> Required work: Output the records below again, precisely as they are written.

=== Extracted records ===

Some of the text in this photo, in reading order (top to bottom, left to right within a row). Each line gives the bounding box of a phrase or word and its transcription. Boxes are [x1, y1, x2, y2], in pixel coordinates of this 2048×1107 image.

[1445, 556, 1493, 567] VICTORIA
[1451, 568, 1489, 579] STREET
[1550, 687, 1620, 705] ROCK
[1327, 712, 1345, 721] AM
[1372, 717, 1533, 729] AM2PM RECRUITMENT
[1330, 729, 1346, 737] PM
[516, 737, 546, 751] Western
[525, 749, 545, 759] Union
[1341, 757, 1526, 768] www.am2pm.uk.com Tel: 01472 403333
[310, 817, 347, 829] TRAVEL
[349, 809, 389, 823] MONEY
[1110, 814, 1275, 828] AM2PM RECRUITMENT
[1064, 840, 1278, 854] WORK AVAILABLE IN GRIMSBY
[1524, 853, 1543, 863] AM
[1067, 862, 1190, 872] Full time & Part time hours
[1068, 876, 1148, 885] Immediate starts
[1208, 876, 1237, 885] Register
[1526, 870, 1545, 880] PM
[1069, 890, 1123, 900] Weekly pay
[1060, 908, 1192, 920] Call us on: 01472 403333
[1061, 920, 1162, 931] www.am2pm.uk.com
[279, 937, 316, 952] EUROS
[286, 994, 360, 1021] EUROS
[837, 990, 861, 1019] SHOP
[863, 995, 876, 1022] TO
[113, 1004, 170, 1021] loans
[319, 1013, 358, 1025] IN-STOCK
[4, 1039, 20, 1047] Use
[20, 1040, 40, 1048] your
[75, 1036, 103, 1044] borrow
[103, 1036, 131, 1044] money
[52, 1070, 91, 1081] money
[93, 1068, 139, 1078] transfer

===

> Answer area:
Some of the text in this photo, in reading order (top to bottom, left to right within a row). Each line gives the bounding box of a phrase or word and its transcription. Boxes are [x1, y1, x2, y2], in pixel coordinates of this 2048×1107 image.

[1445, 556, 1493, 567] VICTORIA
[1451, 568, 1489, 579] STREET
[1550, 687, 1620, 705] ROCK
[1327, 712, 1345, 721] AM
[1372, 717, 1533, 729] AM2PM RECRUITMENT
[1330, 729, 1346, 737] PM
[516, 737, 546, 751] Western
[525, 749, 545, 759] Union
[1341, 757, 1526, 768] www.am2pm.uk.com Tel: 01472 403333
[310, 817, 347, 829] TRAVEL
[349, 809, 389, 823] MONEY
[1110, 814, 1275, 828] AM2PM RECRUITMENT
[1064, 840, 1278, 854] WORK AVAILABLE IN GRIMSBY
[1524, 853, 1543, 863] AM
[1067, 862, 1190, 872] Full time & Part time hours
[1068, 876, 1148, 885] Immediate starts
[1208, 876, 1237, 885] Register
[1526, 870, 1545, 880] PM
[1069, 890, 1123, 900] Weekly pay
[1060, 908, 1192, 920] Call us on: 01472 403333
[1061, 920, 1162, 931] www.am2pm.uk.com
[279, 937, 316, 952] EUROS
[286, 994, 360, 1021] EUROS
[837, 990, 861, 1019] SHOP
[863, 995, 876, 1022] TO
[113, 1004, 170, 1021] loans
[319, 1013, 358, 1025] IN-STOCK
[4, 1039, 20, 1047] Use
[20, 1040, 40, 1048] your
[75, 1036, 103, 1044] borrow
[103, 1036, 131, 1044] money
[52, 1070, 91, 1081] money
[93, 1068, 139, 1078] transfer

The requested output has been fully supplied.